Problem description:
Give all the lines below again, exactly, with no pictures.

Items from a data source:
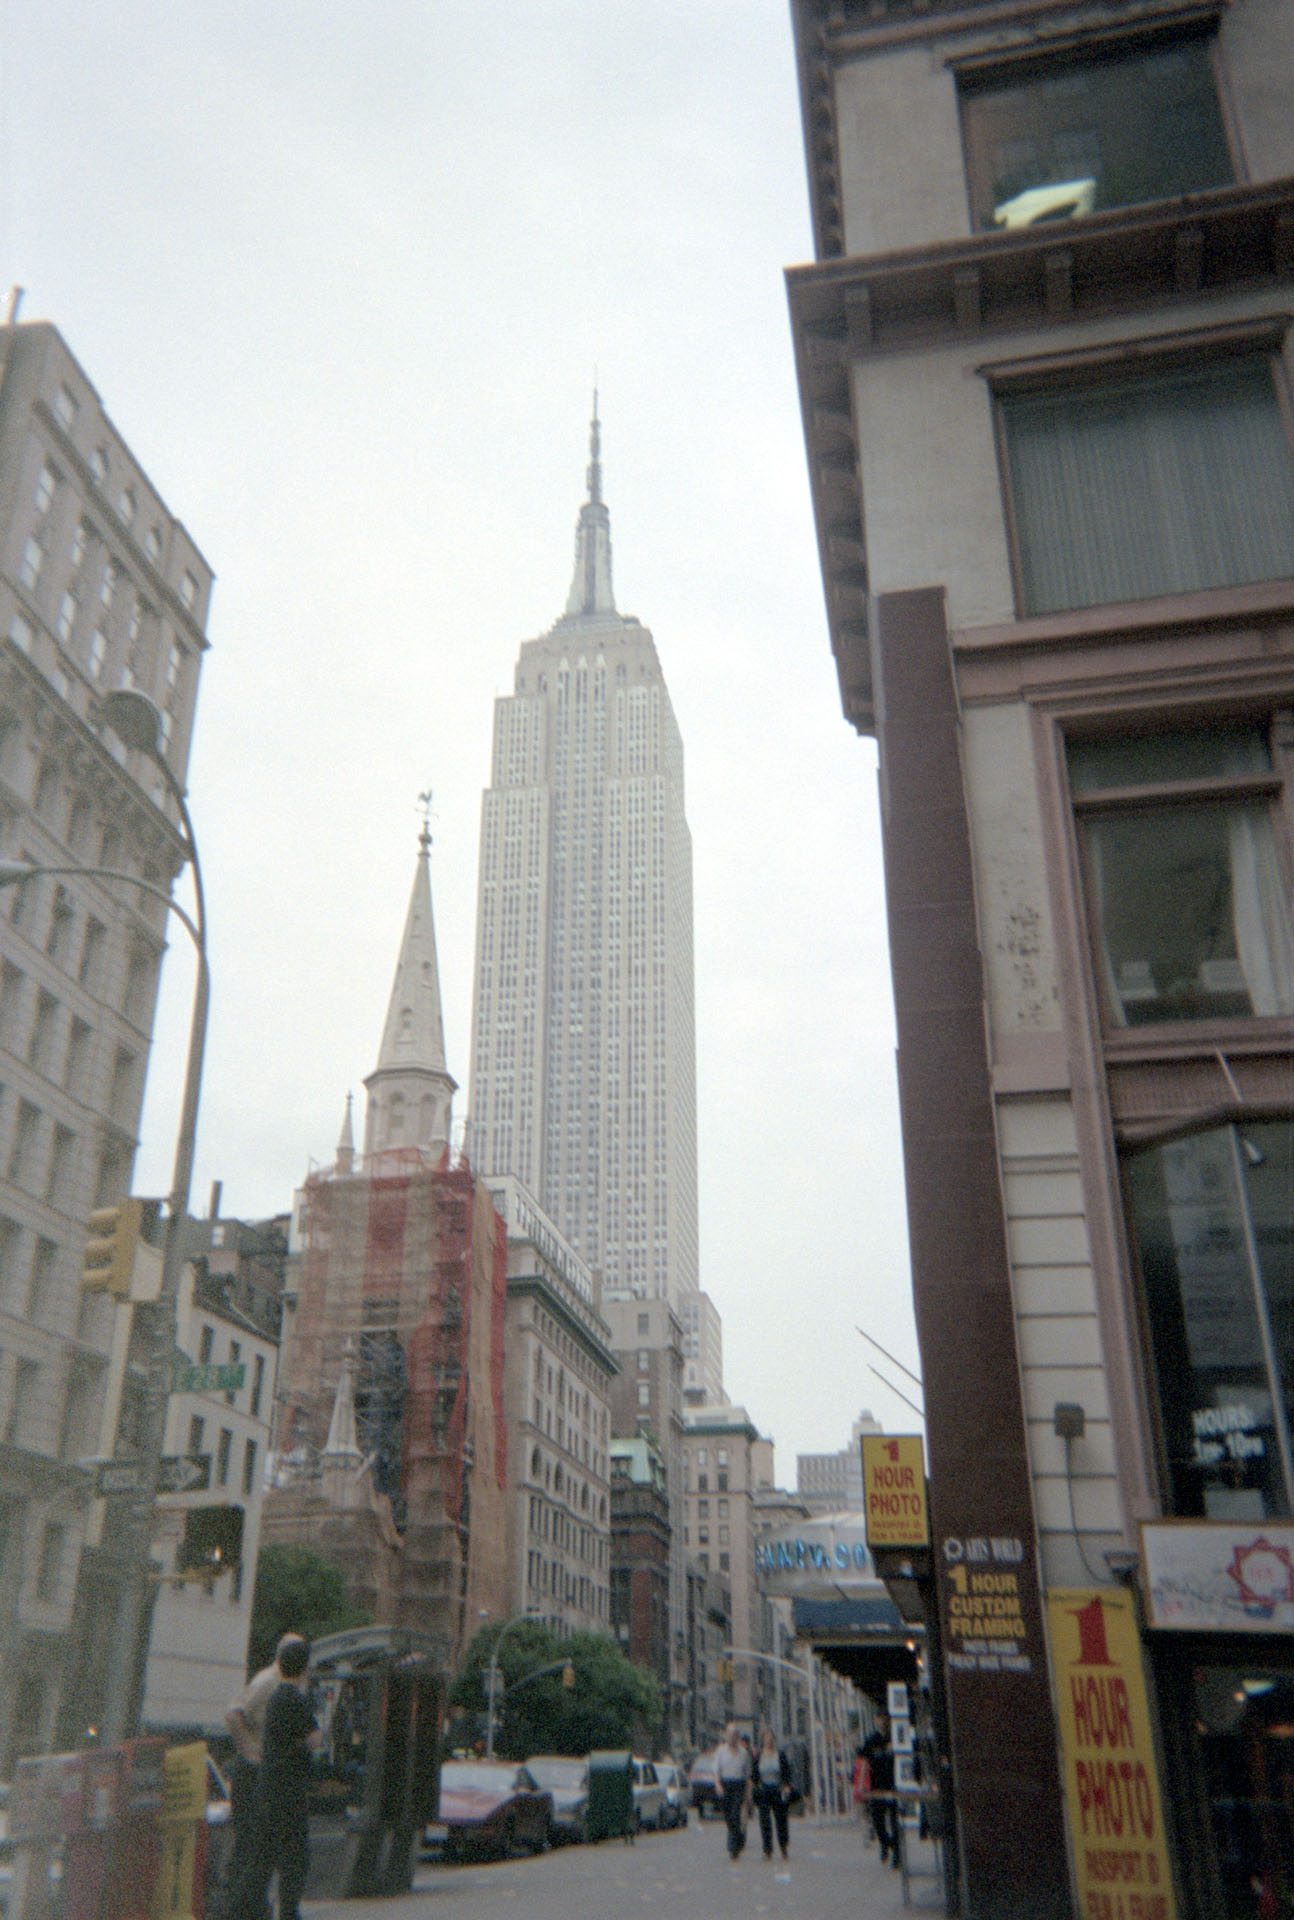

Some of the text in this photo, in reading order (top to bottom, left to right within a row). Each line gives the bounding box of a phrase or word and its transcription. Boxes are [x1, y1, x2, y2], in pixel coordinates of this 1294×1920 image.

[882, 1440, 899, 1462] 1
[873, 1465, 915, 1488] HOUR
[869, 1492, 921, 1516] PHOTO
[947, 1564, 1018, 1594] 1 HOUR
[949, 1596, 1021, 1617] CUSTOM
[949, 1616, 1026, 1638] FRAMING
[1064, 1596, 1121, 1666] 1
[1070, 1675, 1135, 1749] HOUR
[1076, 1759, 1154, 1839] PHOTO
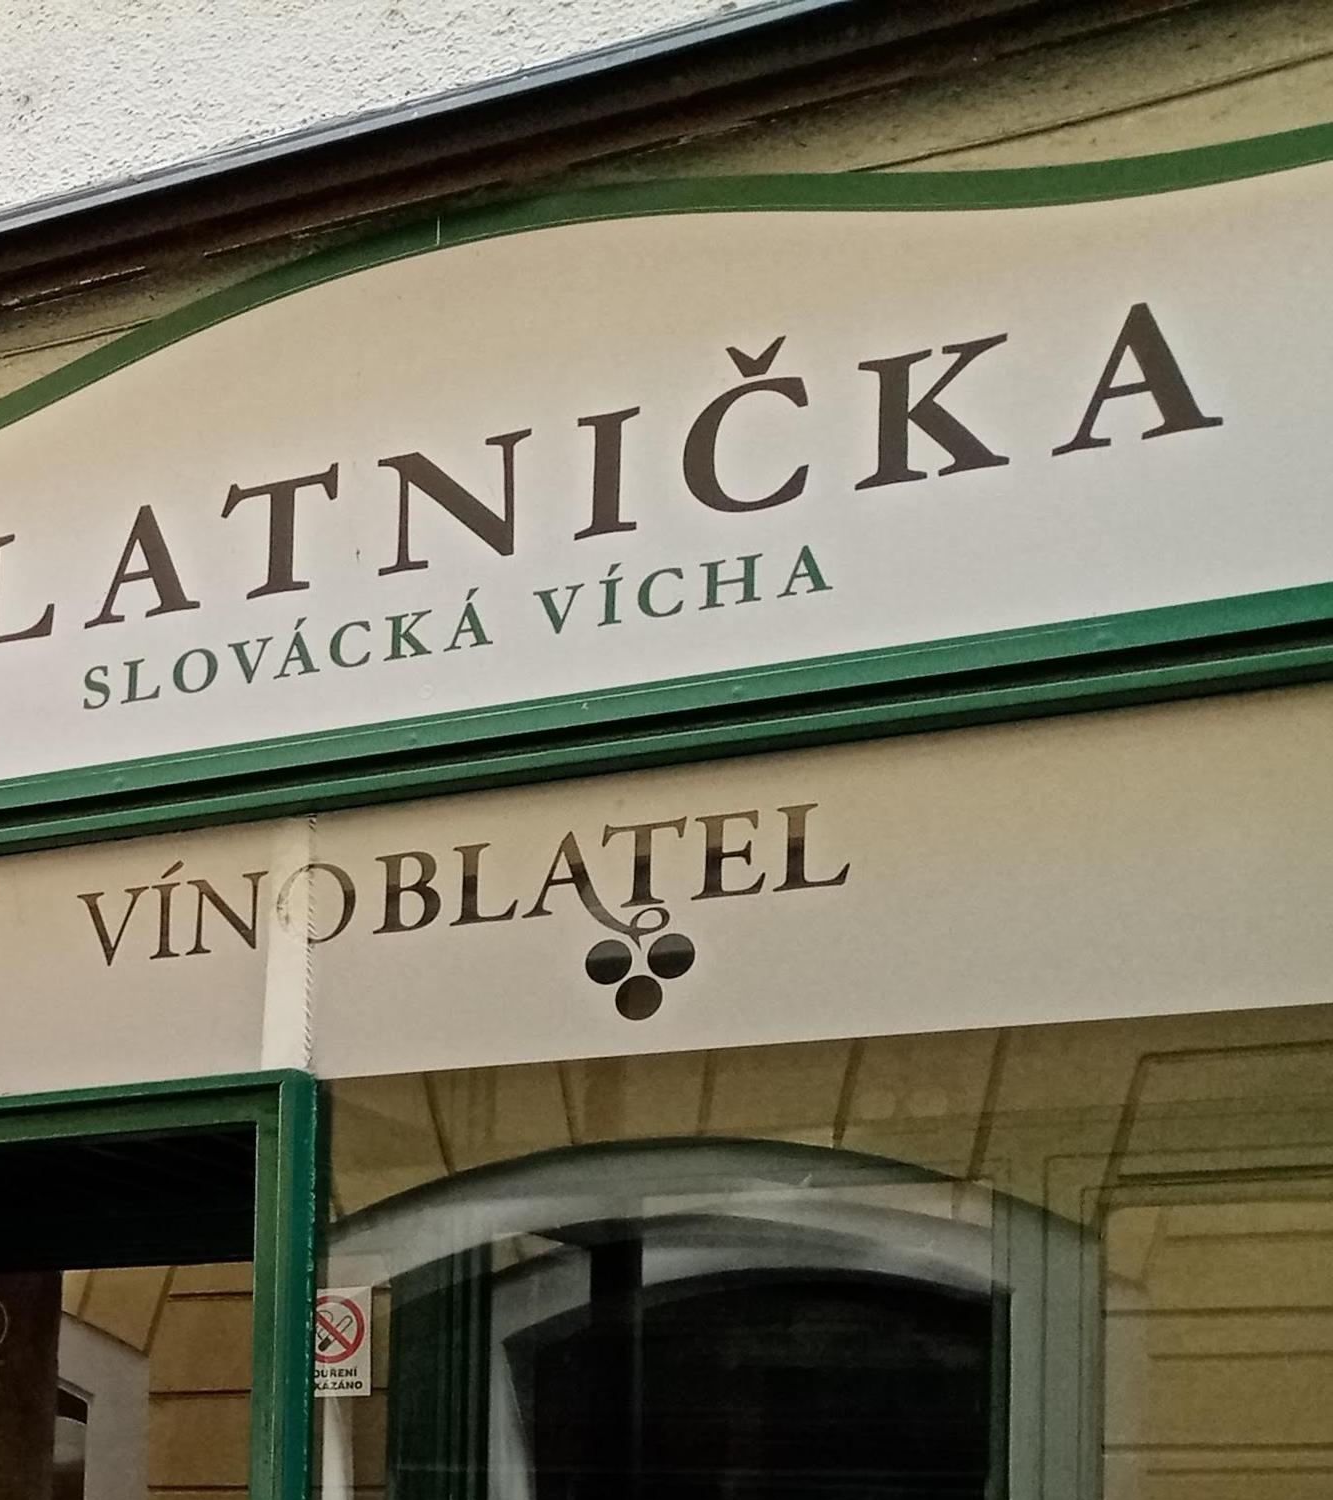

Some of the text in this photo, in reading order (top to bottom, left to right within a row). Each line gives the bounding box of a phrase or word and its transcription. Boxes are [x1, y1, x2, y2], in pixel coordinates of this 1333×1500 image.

[83, 545, 833, 710] SLOVÁCKÁ VÍCHA
[79, 802, 849, 968] VÍNOBLATEL
[315, 1367, 358, 1378] OUŘENÍ

Expected answer:
Some of the text in this photo, in reading order (top to bottom, left to right within a row). Each line gives the bounding box of a phrase or word and its transcription. Boxes are [x1, y1, x2, y2], in pixel coordinates of this 1294×1920 image.

[882, 1440, 899, 1462] 1
[873, 1465, 915, 1488] HOUR
[869, 1492, 921, 1516] PHOTO
[947, 1564, 1018, 1594] 1 HOUR
[949, 1596, 1021, 1617] CUSTOM
[949, 1616, 1026, 1638] FRAMING
[1064, 1596, 1121, 1666] 1
[1070, 1675, 1135, 1749] HOUR
[1076, 1759, 1154, 1839] PHOTO

Some of the text in this photo, in reading order (top to bottom, left to right within a row). Each line gives the bounding box of a phrase or word and its transcription. Boxes are [x1, y1, x2, y2], in pixel coordinates of this 1333×1500 image.

[83, 545, 833, 710] SLOVÁCKÁ VÍCHA
[79, 802, 849, 968] VÍNOBLATEL
[315, 1367, 358, 1378] OUŘENÍ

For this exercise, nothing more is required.